• Source information:
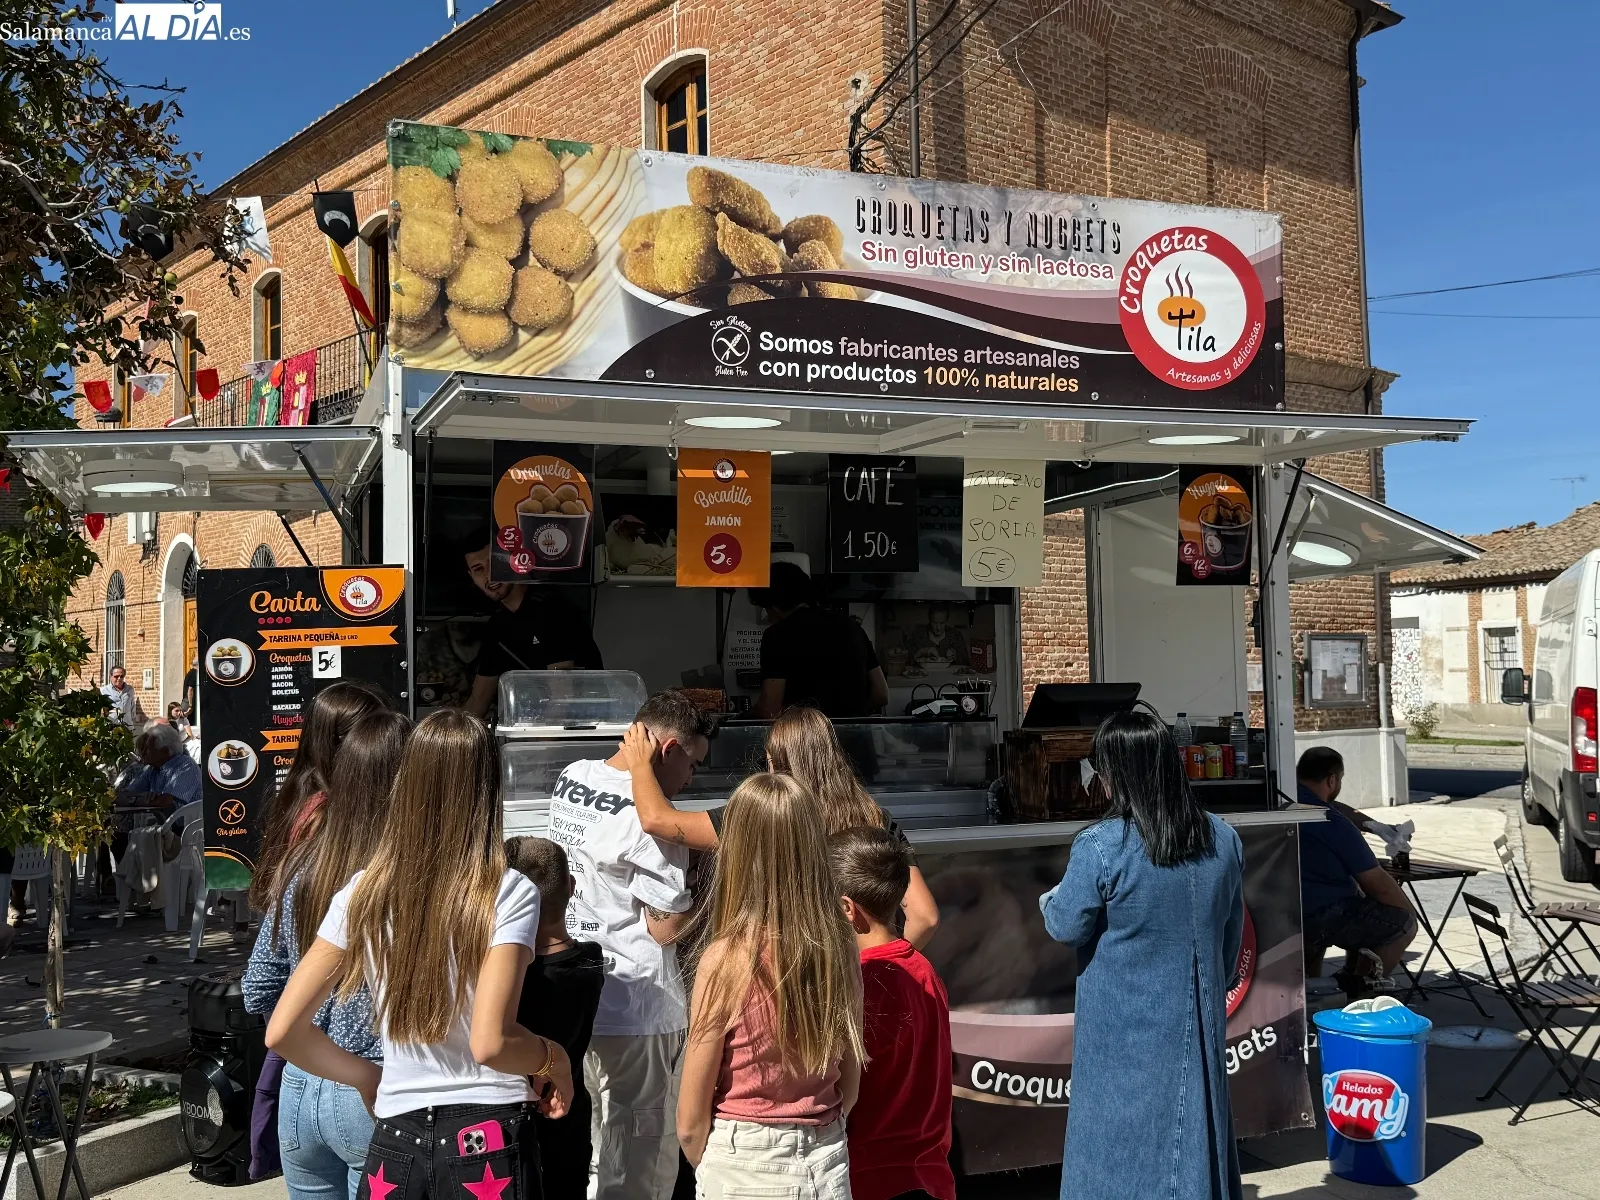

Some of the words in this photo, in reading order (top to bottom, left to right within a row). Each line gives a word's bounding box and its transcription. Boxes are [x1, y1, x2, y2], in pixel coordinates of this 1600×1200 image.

[855, 195, 990, 244] CROQUETAS
[1003, 209, 1013, 246] Y
[1026, 212, 1121, 255] NUGGETS
[861, 240, 897, 263] Sin
[904, 246, 974, 271] gluten
[980, 254, 993, 275] y
[999, 253, 1031, 273] sin
[1036, 255, 1115, 279] lactosa
[1120, 230, 1208, 314] Croquetas
[709, 319, 725, 331] Sin
[726, 315, 752, 333] Gluten
[759, 331, 834, 355] Somos
[838, 336, 959, 362] fabricantes
[963, 346, 1081, 369] artesanales
[1166, 367, 1222, 384] Artesanas
[1224, 367, 1232, 380] y
[1233, 321, 1262, 370] deliciosas
[714, 365, 734, 377] Gluten
[735, 366, 749, 377] Free
[758, 360, 800, 377] con
[806, 362, 917, 384] productos
[923, 366, 980, 387] 100%
[984, 370, 1080, 393] naturales
[507, 460, 572, 484] Croquetas
[843, 459, 906, 506] CAFÉ
[693, 484, 753, 508] Bocadillo
[1186, 475, 1229, 500] Nuggets
[992, 494, 1021, 512] DE
[704, 513, 742, 527] JAMÓN
[967, 517, 1037, 542] SORIA
[709, 543, 733, 566] 5€
[842, 530, 898, 560] 1,50€
[973, 551, 1010, 578] 5€
[249, 590, 322, 614] Carta
[268, 634, 302, 643] TARRINA
[304, 631, 340, 642] PEQUEÑA
[269, 652, 312, 666] Croquetas
[271, 665, 293, 673] JAMÓN
[317, 650, 337, 672] 5€
[272, 703, 301, 711] BACALAO
[272, 713, 304, 726] Nuggets
[271, 734, 300, 744] TARRIN
[553, 774, 636, 816] orever
[1226, 1025, 1278, 1075] gets
[1341, 1080, 1384, 1095] Helados
[182, 1100, 211, 1119] XBOOM
[1322, 1076, 1408, 1137] Camy

• Exercise: Return the complete data unchanged and include none of the pictures.

• Response to the exercise:
Some of the words in this photo, in reading order (top to bottom, left to right within a row). Each line gives a word's bounding box and its transcription. Boxes are [x1, y1, x2, y2], in pixel coordinates of this 1600×1200 image.

[855, 195, 990, 244] CROQUETAS
[1003, 209, 1013, 246] Y
[1026, 212, 1121, 255] NUGGETS
[861, 240, 897, 263] Sin
[904, 246, 974, 271] gluten
[980, 254, 993, 275] y
[999, 253, 1031, 273] sin
[1036, 255, 1115, 279] lactosa
[1120, 230, 1208, 314] Croquetas
[709, 319, 725, 331] Sin
[726, 315, 752, 333] Gluten
[759, 331, 834, 355] Somos
[838, 336, 959, 362] fabricantes
[963, 346, 1081, 369] artesanales
[1166, 367, 1222, 384] Artesanas
[1224, 367, 1232, 380] y
[1233, 321, 1262, 370] deliciosas
[714, 365, 734, 377] Gluten
[735, 366, 749, 377] Free
[758, 360, 800, 377] con
[806, 362, 917, 384] productos
[923, 366, 980, 387] 100%
[984, 370, 1080, 393] naturales
[507, 460, 572, 484] Croquetas
[843, 459, 906, 506] CAFÉ
[693, 484, 753, 508] Bocadillo
[1186, 475, 1229, 500] Nuggets
[992, 494, 1021, 512] DE
[704, 513, 742, 527] JAMÓN
[967, 517, 1037, 542] SORIA
[709, 543, 733, 566] 5€
[842, 530, 898, 560] 1,50€
[973, 551, 1010, 578] 5€
[249, 590, 322, 614] Carta
[268, 634, 302, 643] TARRINA
[304, 631, 340, 642] PEQUEÑA
[269, 652, 312, 666] Croquetas
[271, 665, 293, 673] JAMÓN
[317, 650, 337, 672] 5€
[272, 703, 301, 711] BACALAO
[272, 713, 304, 726] Nuggets
[271, 734, 300, 744] TARRIN
[553, 774, 636, 816] orever
[1226, 1025, 1278, 1075] gets
[1341, 1080, 1384, 1095] Helados
[182, 1100, 211, 1119] XBOOM
[1322, 1076, 1408, 1137] Camy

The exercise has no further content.